Segment Start: Information supplied

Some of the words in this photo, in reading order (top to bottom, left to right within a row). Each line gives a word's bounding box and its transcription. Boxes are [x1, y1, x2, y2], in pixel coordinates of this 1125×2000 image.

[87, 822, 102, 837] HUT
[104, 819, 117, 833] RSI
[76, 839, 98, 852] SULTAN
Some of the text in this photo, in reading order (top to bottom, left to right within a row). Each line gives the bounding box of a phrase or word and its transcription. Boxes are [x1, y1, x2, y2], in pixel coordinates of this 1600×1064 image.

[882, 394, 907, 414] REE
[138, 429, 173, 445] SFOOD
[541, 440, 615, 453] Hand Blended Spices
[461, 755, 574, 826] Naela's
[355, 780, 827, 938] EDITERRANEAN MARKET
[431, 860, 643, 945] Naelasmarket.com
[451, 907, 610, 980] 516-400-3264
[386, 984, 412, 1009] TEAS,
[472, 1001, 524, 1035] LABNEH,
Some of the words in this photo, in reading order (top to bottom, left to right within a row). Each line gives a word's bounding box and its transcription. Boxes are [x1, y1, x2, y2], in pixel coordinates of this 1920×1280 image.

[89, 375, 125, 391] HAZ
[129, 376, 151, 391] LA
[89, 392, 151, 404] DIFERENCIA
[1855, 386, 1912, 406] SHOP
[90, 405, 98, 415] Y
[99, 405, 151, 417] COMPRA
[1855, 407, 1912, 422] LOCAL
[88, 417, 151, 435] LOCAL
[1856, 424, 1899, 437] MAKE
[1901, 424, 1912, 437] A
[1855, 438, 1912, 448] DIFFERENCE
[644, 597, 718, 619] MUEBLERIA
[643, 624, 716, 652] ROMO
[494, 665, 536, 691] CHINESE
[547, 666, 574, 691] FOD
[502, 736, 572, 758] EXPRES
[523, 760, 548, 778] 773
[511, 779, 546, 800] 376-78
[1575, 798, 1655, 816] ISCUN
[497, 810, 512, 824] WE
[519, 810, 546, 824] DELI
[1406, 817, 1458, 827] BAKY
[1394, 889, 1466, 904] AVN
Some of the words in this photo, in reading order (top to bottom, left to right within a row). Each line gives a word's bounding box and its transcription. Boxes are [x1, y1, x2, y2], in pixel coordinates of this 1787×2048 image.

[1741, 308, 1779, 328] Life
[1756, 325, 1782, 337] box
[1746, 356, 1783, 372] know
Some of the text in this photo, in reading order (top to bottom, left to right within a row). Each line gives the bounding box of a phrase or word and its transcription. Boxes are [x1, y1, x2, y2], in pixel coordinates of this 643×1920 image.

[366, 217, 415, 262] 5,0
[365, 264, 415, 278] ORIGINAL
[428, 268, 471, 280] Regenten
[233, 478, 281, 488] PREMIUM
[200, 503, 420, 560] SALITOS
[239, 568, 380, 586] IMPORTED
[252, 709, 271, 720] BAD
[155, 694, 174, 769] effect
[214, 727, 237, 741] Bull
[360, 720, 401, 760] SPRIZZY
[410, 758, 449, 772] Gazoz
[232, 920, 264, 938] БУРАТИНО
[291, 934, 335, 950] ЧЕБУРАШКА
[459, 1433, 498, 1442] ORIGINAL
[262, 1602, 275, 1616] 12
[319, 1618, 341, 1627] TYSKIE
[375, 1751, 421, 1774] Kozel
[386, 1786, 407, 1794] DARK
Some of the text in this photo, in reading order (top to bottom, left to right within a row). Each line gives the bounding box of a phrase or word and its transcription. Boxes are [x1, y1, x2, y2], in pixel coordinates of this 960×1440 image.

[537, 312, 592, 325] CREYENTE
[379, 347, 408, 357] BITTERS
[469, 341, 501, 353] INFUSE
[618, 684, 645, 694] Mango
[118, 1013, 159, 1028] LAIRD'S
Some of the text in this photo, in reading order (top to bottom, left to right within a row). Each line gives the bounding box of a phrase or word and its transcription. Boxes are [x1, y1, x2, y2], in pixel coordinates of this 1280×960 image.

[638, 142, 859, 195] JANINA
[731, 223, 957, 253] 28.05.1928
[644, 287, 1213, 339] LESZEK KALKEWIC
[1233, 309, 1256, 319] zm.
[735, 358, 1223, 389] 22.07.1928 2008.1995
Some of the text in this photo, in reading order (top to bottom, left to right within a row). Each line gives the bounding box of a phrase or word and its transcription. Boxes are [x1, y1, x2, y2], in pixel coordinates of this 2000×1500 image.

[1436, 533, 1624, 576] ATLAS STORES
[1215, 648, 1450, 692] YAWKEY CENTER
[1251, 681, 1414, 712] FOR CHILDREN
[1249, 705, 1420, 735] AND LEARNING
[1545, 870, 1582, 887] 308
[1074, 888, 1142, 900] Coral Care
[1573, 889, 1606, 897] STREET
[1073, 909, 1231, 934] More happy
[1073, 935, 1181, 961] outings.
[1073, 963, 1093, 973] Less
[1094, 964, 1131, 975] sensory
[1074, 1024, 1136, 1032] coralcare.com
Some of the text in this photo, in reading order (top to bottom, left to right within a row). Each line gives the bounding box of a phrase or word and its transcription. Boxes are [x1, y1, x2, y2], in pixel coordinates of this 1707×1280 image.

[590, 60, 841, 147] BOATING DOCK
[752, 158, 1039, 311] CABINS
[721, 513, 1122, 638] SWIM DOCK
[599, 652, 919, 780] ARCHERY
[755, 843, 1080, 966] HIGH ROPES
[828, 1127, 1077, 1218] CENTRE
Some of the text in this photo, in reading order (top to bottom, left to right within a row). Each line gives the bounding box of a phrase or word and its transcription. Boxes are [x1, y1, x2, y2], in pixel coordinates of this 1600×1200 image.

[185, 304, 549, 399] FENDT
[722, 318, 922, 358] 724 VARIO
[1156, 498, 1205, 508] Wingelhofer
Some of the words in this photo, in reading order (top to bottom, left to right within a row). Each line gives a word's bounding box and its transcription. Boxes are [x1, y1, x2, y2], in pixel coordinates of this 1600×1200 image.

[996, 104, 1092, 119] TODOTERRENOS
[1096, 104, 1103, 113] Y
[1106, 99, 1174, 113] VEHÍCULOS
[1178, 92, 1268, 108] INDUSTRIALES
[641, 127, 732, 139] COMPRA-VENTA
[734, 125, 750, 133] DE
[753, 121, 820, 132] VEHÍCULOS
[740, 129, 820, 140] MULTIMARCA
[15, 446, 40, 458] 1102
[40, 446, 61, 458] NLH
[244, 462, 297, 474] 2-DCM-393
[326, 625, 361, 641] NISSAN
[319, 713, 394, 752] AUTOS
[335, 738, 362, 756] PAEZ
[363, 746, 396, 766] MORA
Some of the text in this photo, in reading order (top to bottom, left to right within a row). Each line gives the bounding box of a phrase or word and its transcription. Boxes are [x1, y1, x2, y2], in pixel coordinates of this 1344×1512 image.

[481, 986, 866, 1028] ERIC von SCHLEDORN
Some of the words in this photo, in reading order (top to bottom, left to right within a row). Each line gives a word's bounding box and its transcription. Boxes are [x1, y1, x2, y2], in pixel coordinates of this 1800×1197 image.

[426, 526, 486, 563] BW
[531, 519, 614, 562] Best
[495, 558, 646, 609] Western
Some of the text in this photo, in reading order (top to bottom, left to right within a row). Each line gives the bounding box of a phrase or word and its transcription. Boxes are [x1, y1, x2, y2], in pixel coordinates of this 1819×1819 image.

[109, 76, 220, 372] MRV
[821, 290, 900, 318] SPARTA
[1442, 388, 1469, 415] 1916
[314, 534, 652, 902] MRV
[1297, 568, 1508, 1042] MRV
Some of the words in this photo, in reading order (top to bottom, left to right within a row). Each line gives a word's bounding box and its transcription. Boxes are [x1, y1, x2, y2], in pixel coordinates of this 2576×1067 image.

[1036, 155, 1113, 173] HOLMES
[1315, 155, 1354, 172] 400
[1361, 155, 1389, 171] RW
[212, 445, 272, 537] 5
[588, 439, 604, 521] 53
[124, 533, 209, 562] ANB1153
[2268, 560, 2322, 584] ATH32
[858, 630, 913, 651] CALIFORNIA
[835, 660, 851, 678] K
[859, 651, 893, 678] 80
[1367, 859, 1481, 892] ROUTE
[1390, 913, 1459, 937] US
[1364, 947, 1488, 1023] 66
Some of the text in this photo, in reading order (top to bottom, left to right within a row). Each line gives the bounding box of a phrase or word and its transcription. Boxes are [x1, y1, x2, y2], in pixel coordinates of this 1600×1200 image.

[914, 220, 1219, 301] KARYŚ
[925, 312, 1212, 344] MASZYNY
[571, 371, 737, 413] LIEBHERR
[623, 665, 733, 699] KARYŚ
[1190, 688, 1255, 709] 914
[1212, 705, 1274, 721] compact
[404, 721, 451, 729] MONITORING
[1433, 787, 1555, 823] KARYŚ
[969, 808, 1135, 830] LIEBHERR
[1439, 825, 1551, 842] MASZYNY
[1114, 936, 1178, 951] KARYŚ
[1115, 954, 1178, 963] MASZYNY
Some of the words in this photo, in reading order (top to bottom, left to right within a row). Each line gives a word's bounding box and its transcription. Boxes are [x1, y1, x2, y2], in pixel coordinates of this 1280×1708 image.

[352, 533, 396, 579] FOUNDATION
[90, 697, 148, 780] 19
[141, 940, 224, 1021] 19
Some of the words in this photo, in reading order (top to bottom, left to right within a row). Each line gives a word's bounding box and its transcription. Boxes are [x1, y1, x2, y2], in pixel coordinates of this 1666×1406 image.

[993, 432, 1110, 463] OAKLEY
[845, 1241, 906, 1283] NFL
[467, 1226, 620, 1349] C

Segment End: Information supplied

• _Task_
The lines from the one holding "this 1280×1708 image." to the last line of the entries, both included: retype them exactly and give nothing else.

• _Response to the task_
Some of the words in this photo, in reading order (top to bottom, left to right within a row). Each line gives a word's bounding box and its transcription. Boxes are [x1, y1, x2, y2], in pixel coordinates of this 1280×1708 image.

[352, 533, 396, 579] FOUNDATION
[90, 697, 148, 780] 19
[141, 940, 224, 1021] 19
Some of the words in this photo, in reading order (top to bottom, left to right within a row). Each line gives a word's bounding box and its transcription. Boxes are [x1, y1, x2, y2], in pixel coordinates of this 1666×1406 image.

[993, 432, 1110, 463] OAKLEY
[845, 1241, 906, 1283] NFL
[467, 1226, 620, 1349] C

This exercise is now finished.